We further investigated the list of highly expressed and differentially regulated lncRNAs and noticed that Malat1 (Fig. 1C) was the most highly expressed dysregulated lncRNA that was also conserved between the mouse and human genome (Gm26917 and Gm26836 were expressed at higher levels than Malat1 but have no obvious sequence or syntenic homologs in the human genome). Of note, Malat1 was within the top 2% most highly expressed transcripts in naive CD4+ T cells (Supplemental Fig. 1B). Malat1 suppression was confirmed by quantitative RT-PCR (qRTPCR) (Fig. 1E). Neat1, an lincRNA adjacent to Malat1 in both mouse and human genome, was also found to be significantly downregulated within 24 h of CD4+ T cell activation by qRTPCR (Fig. 1E). The downregulation of Neat1 upon CD4+ T cell activation did not reach statistical significance in our RNA-seq analysis, likely because of higher variation and lower absolute expression of Neat1 compared with Malat1 in CD4+ T cells (Supplemental Fig. 1C). Suppression of Malat1 and Neat1 expression were also observed in end point (day 6) differentiated Th0-, Th1-, and Th2-polarizing conditions in vitro (Fig. 1F). Both Malat1 and Neat1 were downregulated within hours of naive CD4+ T cell activation (Fig. 1G, Supplemental Fig. 1D). The above results revealed that the rapid suppression of Malat1 and Neat1 expression is a key feature of the early lncRNA signature of CD4+ T cell activation.

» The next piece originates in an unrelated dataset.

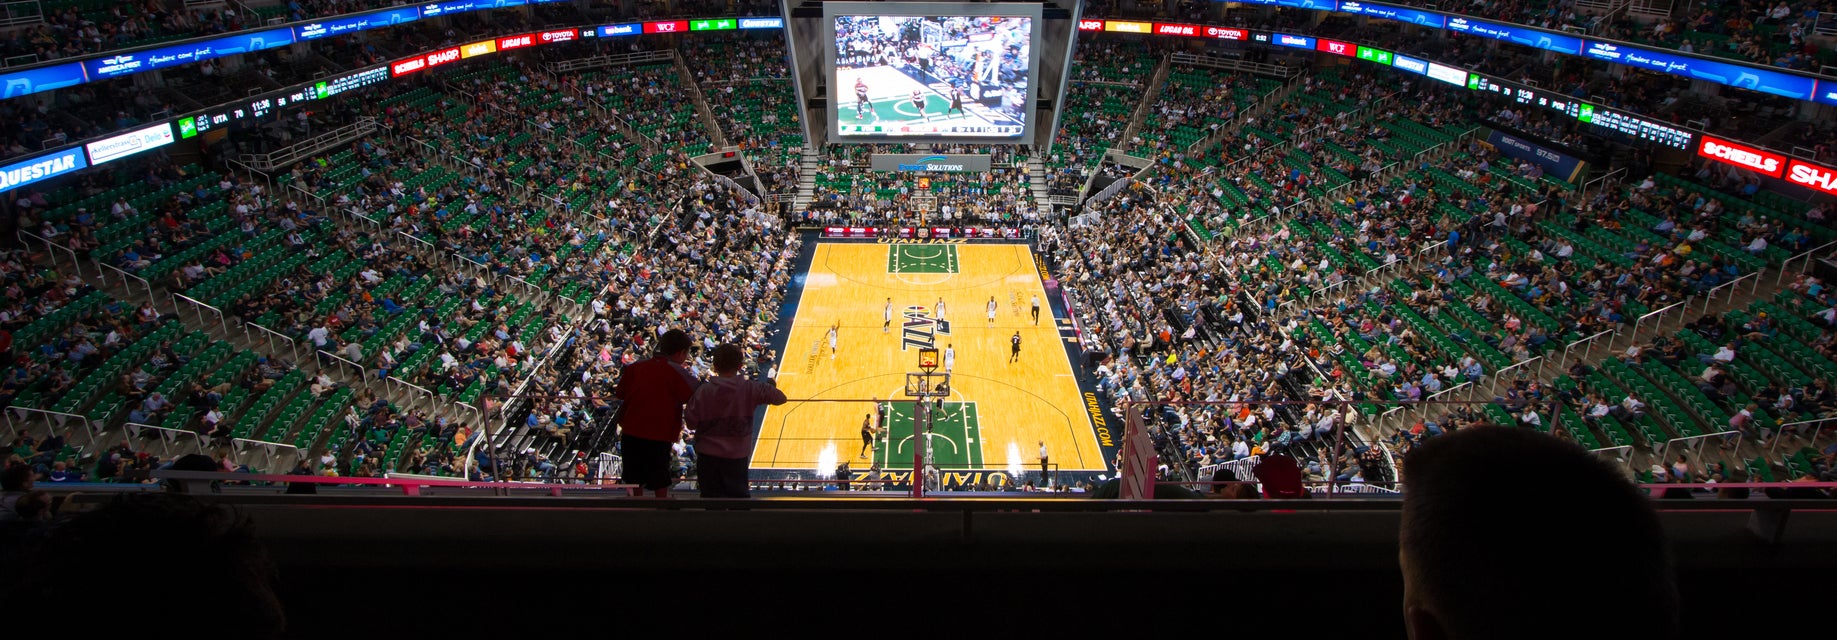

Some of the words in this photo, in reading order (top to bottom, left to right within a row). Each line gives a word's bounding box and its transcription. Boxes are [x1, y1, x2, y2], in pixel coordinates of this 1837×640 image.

Malat1 suppression is a transcriptomic hallmark of CD4+ T cell activation
To gain insight into whether Malat1 suppression was associated with CD4+ T cell function, we first analyzed a single-cell RNA-seq dataset we previously published exploring emergence of Th1 cells in vivo (17) using Plasmodium-specific TCR transgenic CD4+ T (PbTII) cells transferred into congenically labeled mice and recovered at days 2, 3, 4, and 7 postinfection (p.i.) with PcAS. In agreement with the observed suppression of Malat1 in our in vitro experiments (Fig. 1), we observed Malat1 and Neat1 downregulation upon CD4+ T cell activation in vivo, reaching a minimum at days 3 and 4, followed by a relative increase by day 7 (Fig. 2A, 2B). As observed in vitro, Neat1 expression was lower than Malat1 in Th1 cells in vivo (Fig. 2A, 2B).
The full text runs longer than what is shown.